### Input for this task
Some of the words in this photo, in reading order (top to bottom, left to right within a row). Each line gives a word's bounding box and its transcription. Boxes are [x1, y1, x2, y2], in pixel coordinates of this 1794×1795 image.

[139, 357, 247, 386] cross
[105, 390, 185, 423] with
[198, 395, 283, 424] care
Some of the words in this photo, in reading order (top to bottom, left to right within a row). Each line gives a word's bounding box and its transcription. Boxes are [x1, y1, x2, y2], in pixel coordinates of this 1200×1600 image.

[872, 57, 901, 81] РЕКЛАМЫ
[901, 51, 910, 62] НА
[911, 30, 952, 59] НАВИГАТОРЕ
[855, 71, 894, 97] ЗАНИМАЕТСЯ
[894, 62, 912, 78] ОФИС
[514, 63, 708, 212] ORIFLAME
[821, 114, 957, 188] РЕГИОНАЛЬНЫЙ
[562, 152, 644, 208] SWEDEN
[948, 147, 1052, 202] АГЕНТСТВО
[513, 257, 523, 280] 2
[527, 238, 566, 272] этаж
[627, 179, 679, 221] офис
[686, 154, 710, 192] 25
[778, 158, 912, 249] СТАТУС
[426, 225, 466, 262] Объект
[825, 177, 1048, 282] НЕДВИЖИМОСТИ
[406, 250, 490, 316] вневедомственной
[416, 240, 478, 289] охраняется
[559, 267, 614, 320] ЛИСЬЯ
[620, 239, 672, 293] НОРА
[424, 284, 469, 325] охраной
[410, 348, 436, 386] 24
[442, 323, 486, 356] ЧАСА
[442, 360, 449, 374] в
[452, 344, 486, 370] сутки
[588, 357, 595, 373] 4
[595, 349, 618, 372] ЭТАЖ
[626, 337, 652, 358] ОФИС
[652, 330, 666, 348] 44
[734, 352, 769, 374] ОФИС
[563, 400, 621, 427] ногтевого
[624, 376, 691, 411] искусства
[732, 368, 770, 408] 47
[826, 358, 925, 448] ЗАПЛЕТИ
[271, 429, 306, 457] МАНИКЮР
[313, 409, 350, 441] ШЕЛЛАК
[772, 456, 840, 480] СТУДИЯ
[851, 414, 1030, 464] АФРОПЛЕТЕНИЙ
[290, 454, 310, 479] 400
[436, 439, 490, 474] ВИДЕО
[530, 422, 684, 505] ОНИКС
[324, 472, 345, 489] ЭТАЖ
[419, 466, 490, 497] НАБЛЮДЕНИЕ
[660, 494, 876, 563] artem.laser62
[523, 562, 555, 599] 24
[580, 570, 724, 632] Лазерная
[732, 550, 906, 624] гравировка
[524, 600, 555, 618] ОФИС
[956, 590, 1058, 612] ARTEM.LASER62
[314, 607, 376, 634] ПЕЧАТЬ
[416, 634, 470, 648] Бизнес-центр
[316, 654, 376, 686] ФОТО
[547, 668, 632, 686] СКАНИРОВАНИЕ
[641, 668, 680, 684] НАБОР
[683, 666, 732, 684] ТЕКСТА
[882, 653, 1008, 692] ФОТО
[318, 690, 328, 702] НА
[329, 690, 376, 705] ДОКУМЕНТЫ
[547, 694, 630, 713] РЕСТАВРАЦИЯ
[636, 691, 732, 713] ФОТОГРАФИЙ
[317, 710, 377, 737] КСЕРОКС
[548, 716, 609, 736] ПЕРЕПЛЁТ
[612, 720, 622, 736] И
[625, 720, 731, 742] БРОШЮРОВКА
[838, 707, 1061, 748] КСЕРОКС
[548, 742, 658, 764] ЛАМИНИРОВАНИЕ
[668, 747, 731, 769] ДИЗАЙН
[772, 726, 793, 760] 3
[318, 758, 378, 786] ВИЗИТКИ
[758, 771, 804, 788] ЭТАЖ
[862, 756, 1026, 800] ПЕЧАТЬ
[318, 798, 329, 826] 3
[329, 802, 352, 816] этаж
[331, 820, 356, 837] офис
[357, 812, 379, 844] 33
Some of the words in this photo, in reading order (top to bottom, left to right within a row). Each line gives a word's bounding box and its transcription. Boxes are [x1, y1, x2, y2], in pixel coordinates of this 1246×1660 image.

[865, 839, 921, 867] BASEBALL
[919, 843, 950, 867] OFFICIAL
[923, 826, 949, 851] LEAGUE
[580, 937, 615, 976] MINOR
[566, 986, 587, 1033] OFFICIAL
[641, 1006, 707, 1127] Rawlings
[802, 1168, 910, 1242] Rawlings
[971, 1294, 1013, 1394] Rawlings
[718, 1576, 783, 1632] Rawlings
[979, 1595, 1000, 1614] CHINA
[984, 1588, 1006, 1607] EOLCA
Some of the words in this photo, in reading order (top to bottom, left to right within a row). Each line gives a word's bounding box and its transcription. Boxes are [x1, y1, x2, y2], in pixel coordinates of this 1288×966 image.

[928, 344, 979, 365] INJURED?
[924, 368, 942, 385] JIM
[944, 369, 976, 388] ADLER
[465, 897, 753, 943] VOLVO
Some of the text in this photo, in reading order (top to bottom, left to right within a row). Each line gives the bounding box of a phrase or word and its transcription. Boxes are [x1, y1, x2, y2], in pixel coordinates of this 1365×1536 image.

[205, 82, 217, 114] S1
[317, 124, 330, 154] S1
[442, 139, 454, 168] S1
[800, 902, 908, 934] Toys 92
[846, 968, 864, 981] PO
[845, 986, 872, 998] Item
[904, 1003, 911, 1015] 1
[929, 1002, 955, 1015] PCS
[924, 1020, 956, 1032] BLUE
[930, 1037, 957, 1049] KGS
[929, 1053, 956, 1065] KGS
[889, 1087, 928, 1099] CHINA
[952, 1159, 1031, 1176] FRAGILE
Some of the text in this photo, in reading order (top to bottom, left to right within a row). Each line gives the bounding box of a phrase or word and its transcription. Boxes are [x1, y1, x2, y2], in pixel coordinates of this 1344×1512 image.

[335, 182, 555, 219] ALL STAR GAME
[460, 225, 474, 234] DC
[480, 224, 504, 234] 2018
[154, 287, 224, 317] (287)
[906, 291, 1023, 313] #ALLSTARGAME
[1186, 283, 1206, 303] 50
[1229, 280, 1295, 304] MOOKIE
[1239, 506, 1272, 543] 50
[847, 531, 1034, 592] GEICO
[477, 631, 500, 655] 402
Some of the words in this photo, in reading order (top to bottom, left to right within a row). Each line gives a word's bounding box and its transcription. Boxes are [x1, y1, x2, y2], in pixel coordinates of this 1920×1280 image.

### Your assignment
Transcription of all the material must be exact.

### Exercise response
Some of the words in this photo, in reading order (top to bottom, left to right within a row). Each line gives a word's bounding box and its transcription. Boxes are [x1, y1, x2, y2], in pixel coordinates of this 1794×1795 image.

[139, 357, 247, 386] cross
[105, 390, 185, 423] with
[198, 395, 283, 424] care
Some of the words in this photo, in reading order (top to bottom, left to right within a row). Each line gives a word's bounding box and its transcription. Boxes are [x1, y1, x2, y2], in pixel coordinates of this 1200×1600 image.

[872, 57, 901, 81] РЕКЛАМЫ
[901, 51, 910, 62] НА
[911, 30, 952, 59] НАВИГАТОРЕ
[855, 71, 894, 97] ЗАНИМАЕТСЯ
[894, 62, 912, 78] ОФИС
[514, 63, 708, 212] ORIFLAME
[821, 114, 957, 188] РЕГИОНАЛЬНЫЙ
[562, 152, 644, 208] SWEDEN
[948, 147, 1052, 202] АГЕНТСТВО
[513, 257, 523, 280] 2
[527, 238, 566, 272] этаж
[627, 179, 679, 221] офис
[686, 154, 710, 192] 25
[778, 158, 912, 249] СТАТУС
[426, 225, 466, 262] Объект
[825, 177, 1048, 282] НЕДВИЖИМОСТИ
[406, 250, 490, 316] вневедомственной
[416, 240, 478, 289] охраняется
[559, 267, 614, 320] ЛИСЬЯ
[620, 239, 672, 293] НОРА
[424, 284, 469, 325] охраной
[410, 348, 436, 386] 24
[442, 323, 486, 356] ЧАСА
[442, 360, 449, 374] в
[452, 344, 486, 370] сутки
[588, 357, 595, 373] 4
[595, 349, 618, 372] ЭТАЖ
[626, 337, 652, 358] ОФИС
[652, 330, 666, 348] 44
[734, 352, 769, 374] ОФИС
[563, 400, 621, 427] ногтевого
[624, 376, 691, 411] искусства
[732, 368, 770, 408] 47
[826, 358, 925, 448] ЗАПЛЕТИ
[271, 429, 306, 457] МАНИКЮР
[313, 409, 350, 441] ШЕЛЛАК
[772, 456, 840, 480] СТУДИЯ
[851, 414, 1030, 464] АФРОПЛЕТЕНИЙ
[290, 454, 310, 479] 400
[436, 439, 490, 474] ВИДЕО
[530, 422, 684, 505] ОНИКС
[324, 472, 345, 489] ЭТАЖ
[419, 466, 490, 497] НАБЛЮДЕНИЕ
[660, 494, 876, 563] artem.laser62
[523, 562, 555, 599] 24
[580, 570, 724, 632] Лазерная
[732, 550, 906, 624] гравировка
[524, 600, 555, 618] ОФИС
[956, 590, 1058, 612] ARTEM.LASER62
[314, 607, 376, 634] ПЕЧАТЬ
[416, 634, 470, 648] Бизнес-центр
[316, 654, 376, 686] ФОТО
[547, 668, 632, 686] СКАНИРОВАНИЕ
[641, 668, 680, 684] НАБОР
[683, 666, 732, 684] ТЕКСТА
[882, 653, 1008, 692] ФОТО
[318, 690, 328, 702] НА
[329, 690, 376, 705] ДОКУМЕНТЫ
[547, 694, 630, 713] РЕСТАВРАЦИЯ
[636, 691, 732, 713] ФОТОГРАФИЙ
[317, 710, 377, 737] КСЕРОКС
[548, 716, 609, 736] ПЕРЕПЛЁТ
[612, 720, 622, 736] И
[625, 720, 731, 742] БРОШЮРОВКА
[838, 707, 1061, 748] КСЕРОКС
[548, 742, 658, 764] ЛАМИНИРОВАНИЕ
[668, 747, 731, 769] ДИЗАЙН
[772, 726, 793, 760] 3
[318, 758, 378, 786] ВИЗИТКИ
[758, 771, 804, 788] ЭТАЖ
[862, 756, 1026, 800] ПЕЧАТЬ
[318, 798, 329, 826] 3
[329, 802, 352, 816] этаж
[331, 820, 356, 837] офис
[357, 812, 379, 844] 33
Some of the words in this photo, in reading order (top to bottom, left to right within a row). Each line gives a word's bounding box and its transcription. Boxes are [x1, y1, x2, y2], in pixel coordinates of this 1246×1660 image.

[865, 839, 921, 867] BASEBALL
[919, 843, 950, 867] OFFICIAL
[923, 826, 949, 851] LEAGUE
[580, 937, 615, 976] MINOR
[566, 986, 587, 1033] OFFICIAL
[641, 1006, 707, 1127] Rawlings
[802, 1168, 910, 1242] Rawlings
[971, 1294, 1013, 1394] Rawlings
[718, 1576, 783, 1632] Rawlings
[979, 1595, 1000, 1614] CHINA
[984, 1588, 1006, 1607] EOLCA
Some of the words in this photo, in reading order (top to bottom, left to right within a row). Each line gives a word's bounding box and its transcription. Boxes are [x1, y1, x2, y2], in pixel coordinates of this 1288×966 image.

[928, 344, 979, 365] INJURED?
[924, 368, 942, 385] JIM
[944, 369, 976, 388] ADLER
[465, 897, 753, 943] VOLVO
Some of the text in this photo, in reading order (top to bottom, left to right within a row). Each line gives the bounding box of a phrase or word and its transcription. Boxes are [x1, y1, x2, y2], in pixel coordinates of this 1365×1536 image.

[205, 82, 217, 114] S1
[317, 124, 330, 154] S1
[442, 139, 454, 168] S1
[800, 902, 908, 934] Toys 92
[846, 968, 864, 981] PO
[845, 986, 872, 998] Item
[904, 1003, 911, 1015] 1
[929, 1002, 955, 1015] PCS
[924, 1020, 956, 1032] BLUE
[930, 1037, 957, 1049] KGS
[929, 1053, 956, 1065] KGS
[889, 1087, 928, 1099] CHINA
[952, 1159, 1031, 1176] FRAGILE
Some of the text in this photo, in reading order (top to bottom, left to right within a row). Each line gives the bounding box of a phrase or word and its transcription. Boxes are [x1, y1, x2, y2], in pixel coordinates of this 1344×1512 image.

[335, 182, 555, 219] ALL STAR GAME
[460, 225, 474, 234] DC
[480, 224, 504, 234] 2018
[154, 287, 224, 317] (287)
[906, 291, 1023, 313] #ALLSTARGAME
[1186, 283, 1206, 303] 50
[1229, 280, 1295, 304] MOOKIE
[1239, 506, 1272, 543] 50
[847, 531, 1034, 592] GEICO
[477, 631, 500, 655] 402
Some of the words in this photo, in reading order (top to bottom, left to right within a row). Each line gives a word's bounding box and its transcription. Boxes are [x1, y1, x2, y2], in pixel coordinates of this 1920×1280 image.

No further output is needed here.